Janeiro foi um mês de grandes turbulências vindas do exterior. Desde o início do mês, os Estados Unidos se envolveram em uma escalada de tensões com o Irã que aumentaram a preocupação de um conflito aberto no Oriente Médio, além de assinarem uma primeira fase do acordo comercial com a China, movimento que pode pôr fim a mais de 18 meses de disputa. E falando no gigante asiático, foi de lá que surgiu a principal preocupação do momento: o surto de coronavírus, epidemia que já infectou milhares de pessoas e matou algumas centenas. 

De acordo com analistas da Toro Investimentos, por conta dos riscos envolvidos em todos esses eventos, o que se viu no mercado foi uma maior procura por segurança, o que levou o dólar a bater novos recordes ao superar a casa de R$4,28. No mesmo sentido, diminuiu o apetite por aplicações de maior risco, retirando fluxo comprador da Bolsa. Mesmo assim, a queda de 1,6% do Ibovespa denota a confiança do investidor na recuperação da economia brasileira ao longo deste ano, o que impediu que o índice caísse de forma mais forte.

Fevereiro

Com a volta das atividades no Congresso, a expectativa é de que as reformas econômicas voltem a tramitar em Brasília. Contudo, é pouco provável que algo de mais concreto seja fechado ainda neste mês. Esperamos também um novo corte na taxa Selic, o que pode dar algum impulso à confiança do mercado, especialmente caso as turbulências externas diminuam. No caso da epidemia de coronavírus, hoje a principal preocupação dos investidores, é muito difícil fazer qualquer projeção, mas torcemos para que a situação esteja mais controlada até o final do mês.

Empresas

Ecorodovias: Como um dos maiores grupos de infraestrutura e logística do País, a Empresa pode se beneficiar do crescimento econômico devido ao aumento do fluxo pedagiado. Contratos de concessão de longo prazo dão certa previsibilidade de receita e permitem à Companhia gestão mais eficiente de seus custos. Com a taxa Selic nos menores patamares da história, a dívida da Companhia apresenta menor custo e, por consequência, menor impacto nos resultados.

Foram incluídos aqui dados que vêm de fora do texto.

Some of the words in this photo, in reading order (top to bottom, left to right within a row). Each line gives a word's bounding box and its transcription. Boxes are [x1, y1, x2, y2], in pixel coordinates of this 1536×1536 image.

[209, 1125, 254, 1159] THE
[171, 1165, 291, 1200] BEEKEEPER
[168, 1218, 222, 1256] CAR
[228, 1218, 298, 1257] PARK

Tenda: Companhia se beneficiou da queda da Selic e vem sentindo os sinais de aquecimento do setor de construção civil nos últimos meses. As novas linhas de financiamento  imobiliário, indexadas ao IPCA, deram força ao setor e a Tenda (TEND3) conseguiu manter suas margens líquidas em bom patamar. A Companhia ainda possui dívida líquida negativa, apresentando maior caixa e, assim, maior alavancagem, aproveitando o movimento de aquecimento do setor.

Itaúsa: A Itaúsa é uma holding no qual a sua principal controlada é o Itaú Unibanco (mais de 90%). Trata-se do maior banco privado no Brasil, que apresenta lucros crescentes e indicadores bastante interessantes no atual momento. A Companhia é conhecida, historicamente, por ser uma excelente distribuidora de proventos. Além disso, ela é negociada com desconto em relação às controladas. Isso faz com que o dividend yield (relação entre proventos distribuídos e preços) da Itaúsa seja elevado. Agora em fevereiro devemos observar a declaração de pagamento de proventos adicionais. A Itaúsa é uma empresa bastante estável e constante. Ela vem diversificando a composição da sua carteira de investimentos, como a recente aquisição da Liquigás, em conjunto com a Copagaz e a Nacional Gás Butano.

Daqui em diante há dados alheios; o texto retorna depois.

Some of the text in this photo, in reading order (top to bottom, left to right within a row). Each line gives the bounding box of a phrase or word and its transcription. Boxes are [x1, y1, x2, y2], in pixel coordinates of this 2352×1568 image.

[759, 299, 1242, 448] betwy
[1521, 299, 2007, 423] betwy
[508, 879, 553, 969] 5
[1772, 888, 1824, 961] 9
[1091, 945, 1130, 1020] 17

Taesa: A Companhia mostra consistência nos resultados, com previsibilidade de receita por conta de seus contratos de concessão com vencimentos longos. A Empresa se mostra preparada para possíveis investimentos em 2020. Já havia anunciado investir R$1,8 bilhão na construção de alguns empreendimentos neste ano, o que pode impulsionar fluxo mais comprador para o ativo.

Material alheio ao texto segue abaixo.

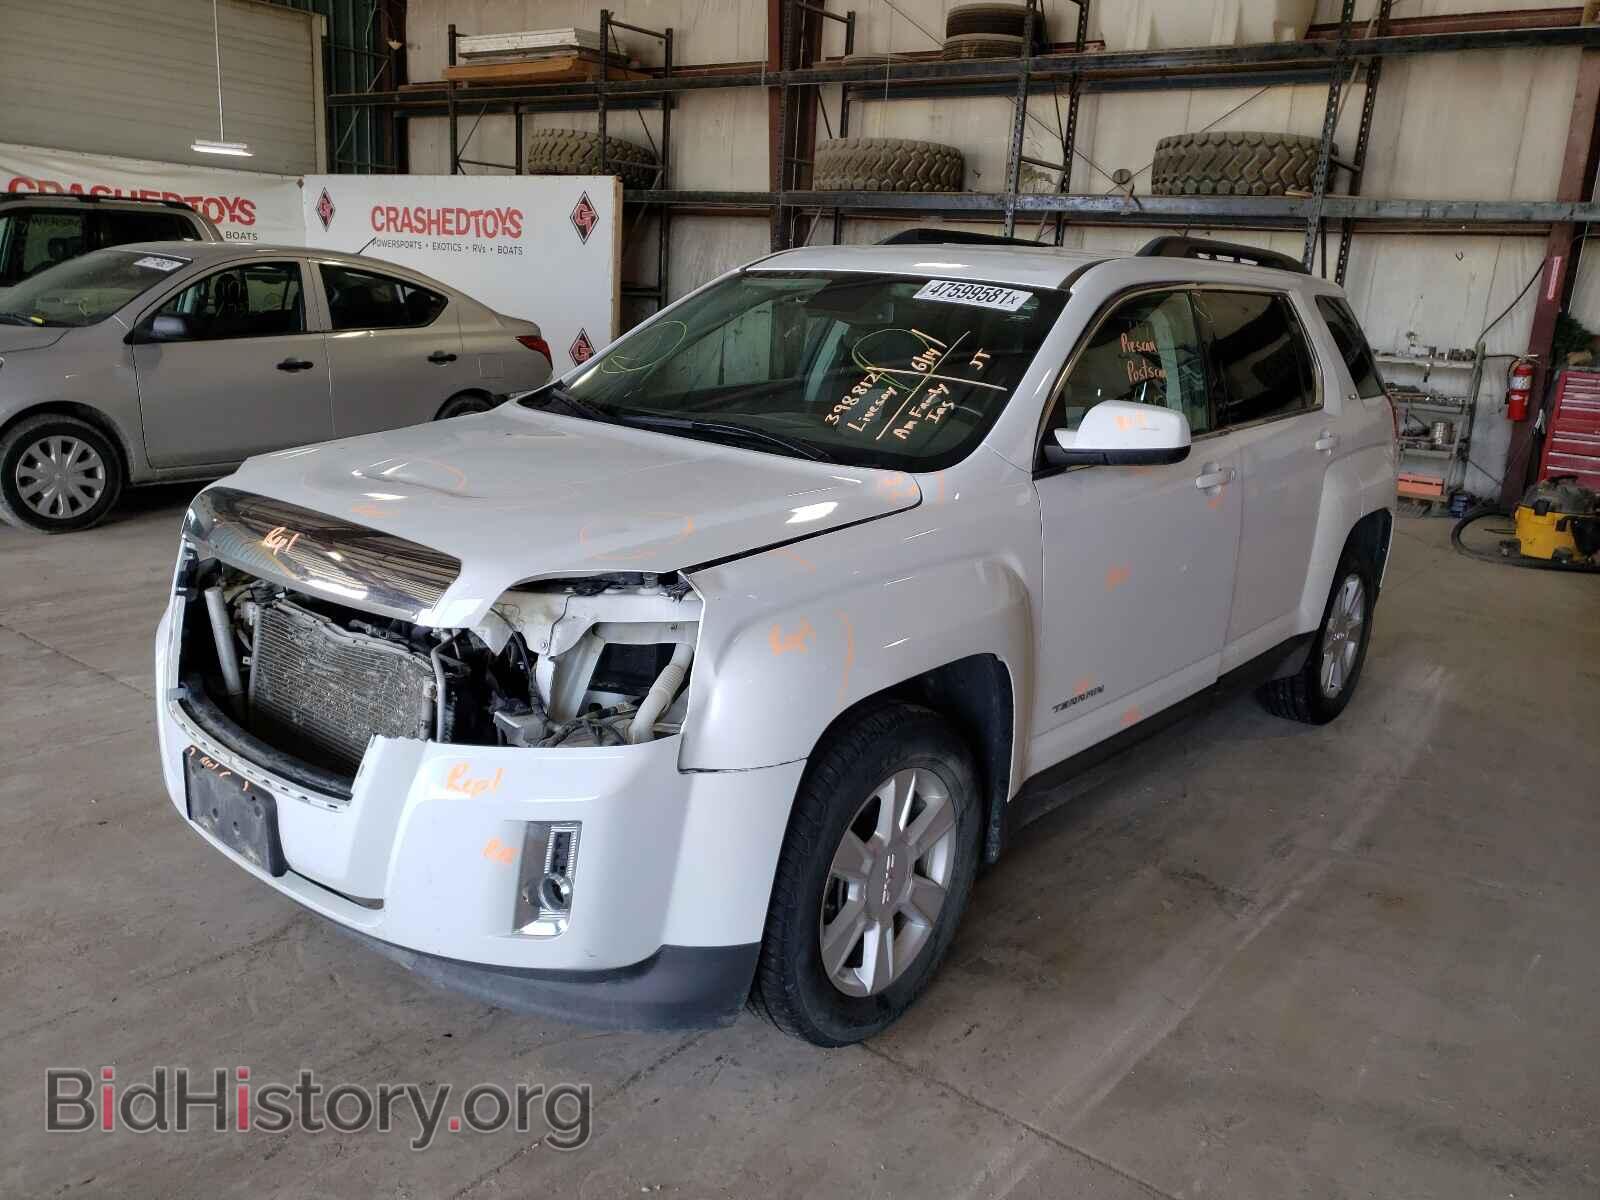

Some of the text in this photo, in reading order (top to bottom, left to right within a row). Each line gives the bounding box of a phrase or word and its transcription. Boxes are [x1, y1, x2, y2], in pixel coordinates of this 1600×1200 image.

Yduqs: A Yduqs (YDUQ3) tem como foco o crescimento do negócio de maneira flexível, através do fechamento de acordos que atendam a diferentes mercados. Isso já vem se refletindo no preço de suas ações, que negociam em patamares cada vez mais altos. O Aumento da capitalização e da base de alunos deve refletir nos resultados futuros do grupo. A Yduqs anunciou a compra das operações do grupo Adtalem aqui no Brasil, assumindo o portfólio do grupo americano. Assim, ela passa a contar com mais dez instituições de ensino superior, como, por exemplo, o IBMEC.